- _Exercise_
The expected result is every entry, retyped character for character.

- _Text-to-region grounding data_
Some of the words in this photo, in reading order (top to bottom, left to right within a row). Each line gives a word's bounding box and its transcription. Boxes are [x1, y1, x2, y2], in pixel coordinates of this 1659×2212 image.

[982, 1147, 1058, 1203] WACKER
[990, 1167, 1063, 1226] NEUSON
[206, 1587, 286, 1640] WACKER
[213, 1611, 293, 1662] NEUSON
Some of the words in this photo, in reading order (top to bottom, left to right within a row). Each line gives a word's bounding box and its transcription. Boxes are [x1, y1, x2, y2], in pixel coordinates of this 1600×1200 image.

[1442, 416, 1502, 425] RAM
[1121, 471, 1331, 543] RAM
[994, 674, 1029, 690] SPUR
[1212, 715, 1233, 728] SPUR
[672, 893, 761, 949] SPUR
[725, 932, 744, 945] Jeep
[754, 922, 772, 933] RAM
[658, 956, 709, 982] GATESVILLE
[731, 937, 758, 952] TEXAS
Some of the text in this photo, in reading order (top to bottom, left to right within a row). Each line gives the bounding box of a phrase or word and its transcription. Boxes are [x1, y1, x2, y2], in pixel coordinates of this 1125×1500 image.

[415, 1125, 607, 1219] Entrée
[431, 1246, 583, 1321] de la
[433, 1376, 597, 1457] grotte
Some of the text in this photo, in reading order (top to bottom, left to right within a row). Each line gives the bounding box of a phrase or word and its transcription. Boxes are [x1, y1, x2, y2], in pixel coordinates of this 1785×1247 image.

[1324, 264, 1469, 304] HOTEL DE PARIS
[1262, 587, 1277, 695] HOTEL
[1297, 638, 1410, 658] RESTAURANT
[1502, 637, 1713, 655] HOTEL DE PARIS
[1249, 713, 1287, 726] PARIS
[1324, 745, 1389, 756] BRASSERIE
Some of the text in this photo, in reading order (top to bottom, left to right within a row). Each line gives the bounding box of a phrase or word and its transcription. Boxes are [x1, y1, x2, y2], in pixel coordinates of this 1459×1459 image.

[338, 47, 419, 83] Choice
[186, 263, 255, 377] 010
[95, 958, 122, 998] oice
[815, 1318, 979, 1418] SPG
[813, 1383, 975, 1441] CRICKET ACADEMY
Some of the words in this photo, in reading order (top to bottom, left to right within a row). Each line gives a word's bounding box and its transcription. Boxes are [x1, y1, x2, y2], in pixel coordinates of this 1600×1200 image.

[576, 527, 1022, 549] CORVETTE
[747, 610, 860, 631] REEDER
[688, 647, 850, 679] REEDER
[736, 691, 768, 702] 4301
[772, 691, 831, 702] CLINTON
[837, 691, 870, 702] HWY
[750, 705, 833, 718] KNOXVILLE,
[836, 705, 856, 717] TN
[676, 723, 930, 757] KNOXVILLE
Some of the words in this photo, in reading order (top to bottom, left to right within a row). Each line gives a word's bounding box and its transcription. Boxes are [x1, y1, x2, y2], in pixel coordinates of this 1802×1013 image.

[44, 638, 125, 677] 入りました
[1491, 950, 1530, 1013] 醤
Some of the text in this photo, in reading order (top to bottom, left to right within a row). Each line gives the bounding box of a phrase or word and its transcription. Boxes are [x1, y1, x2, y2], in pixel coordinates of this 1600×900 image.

- _Answer space_
Some of the words in this photo, in reading order (top to bottom, left to right within a row). Each line gives a word's bounding box and its transcription. Boxes are [x1, y1, x2, y2], in pixel coordinates of this 1659×2212 image.

[982, 1147, 1058, 1203] WACKER
[990, 1167, 1063, 1226] NEUSON
[206, 1587, 286, 1640] WACKER
[213, 1611, 293, 1662] NEUSON
Some of the words in this photo, in reading order (top to bottom, left to right within a row). Each line gives a word's bounding box and its transcription. Boxes are [x1, y1, x2, y2], in pixel coordinates of this 1600×1200 image.

[1442, 416, 1502, 425] RAM
[1121, 471, 1331, 543] RAM
[994, 674, 1029, 690] SPUR
[1212, 715, 1233, 728] SPUR
[672, 893, 761, 949] SPUR
[725, 932, 744, 945] Jeep
[754, 922, 772, 933] RAM
[658, 956, 709, 982] GATESVILLE
[731, 937, 758, 952] TEXAS
Some of the text in this photo, in reading order (top to bottom, left to right within a row). Each line gives the bounding box of a phrase or word and its transcription. Boxes are [x1, y1, x2, y2], in pixel coordinates of this 1125×1500 image.

[415, 1125, 607, 1219] Entrée
[431, 1246, 583, 1321] de la
[433, 1376, 597, 1457] grotte
Some of the text in this photo, in reading order (top to bottom, left to right within a row). Each line gives the bounding box of a phrase or word and its transcription. Boxes are [x1, y1, x2, y2], in pixel coordinates of this 1785×1247 image.

[1324, 264, 1469, 304] HOTEL DE PARIS
[1262, 587, 1277, 695] HOTEL
[1297, 638, 1410, 658] RESTAURANT
[1502, 637, 1713, 655] HOTEL DE PARIS
[1249, 713, 1287, 726] PARIS
[1324, 745, 1389, 756] BRASSERIE
Some of the text in this photo, in reading order (top to bottom, left to right within a row). Each line gives the bounding box of a phrase or word and its transcription. Boxes are [x1, y1, x2, y2], in pixel coordinates of this 1459×1459 image.

[338, 47, 419, 83] Choice
[186, 263, 255, 377] 010
[95, 958, 122, 998] oice
[815, 1318, 979, 1418] SPG
[813, 1383, 975, 1441] CRICKET ACADEMY
Some of the words in this photo, in reading order (top to bottom, left to right within a row). Each line gives a word's bounding box and its transcription. Boxes are [x1, y1, x2, y2], in pixel coordinates of this 1600×1200 image.

[576, 527, 1022, 549] CORVETTE
[747, 610, 860, 631] REEDER
[688, 647, 850, 679] REEDER
[736, 691, 768, 702] 4301
[772, 691, 831, 702] CLINTON
[837, 691, 870, 702] HWY
[750, 705, 833, 718] KNOXVILLE,
[836, 705, 856, 717] TN
[676, 723, 930, 757] KNOXVILLE
Some of the words in this photo, in reading order (top to bottom, left to right within a row). Each line gives a word's bounding box and its transcription. Boxes are [x1, y1, x2, y2], in pixel coordinates of this 1802×1013 image.

[44, 638, 125, 677] 入りました
[1491, 950, 1530, 1013] 醤
Some of the text in this photo, in reading order (top to bottom, left to right within a row). Each line gives the bounding box of a phrase or word and its transcription. Boxes are [x1, y1, x2, y2], in pixel coordinates of this 1600×900 image.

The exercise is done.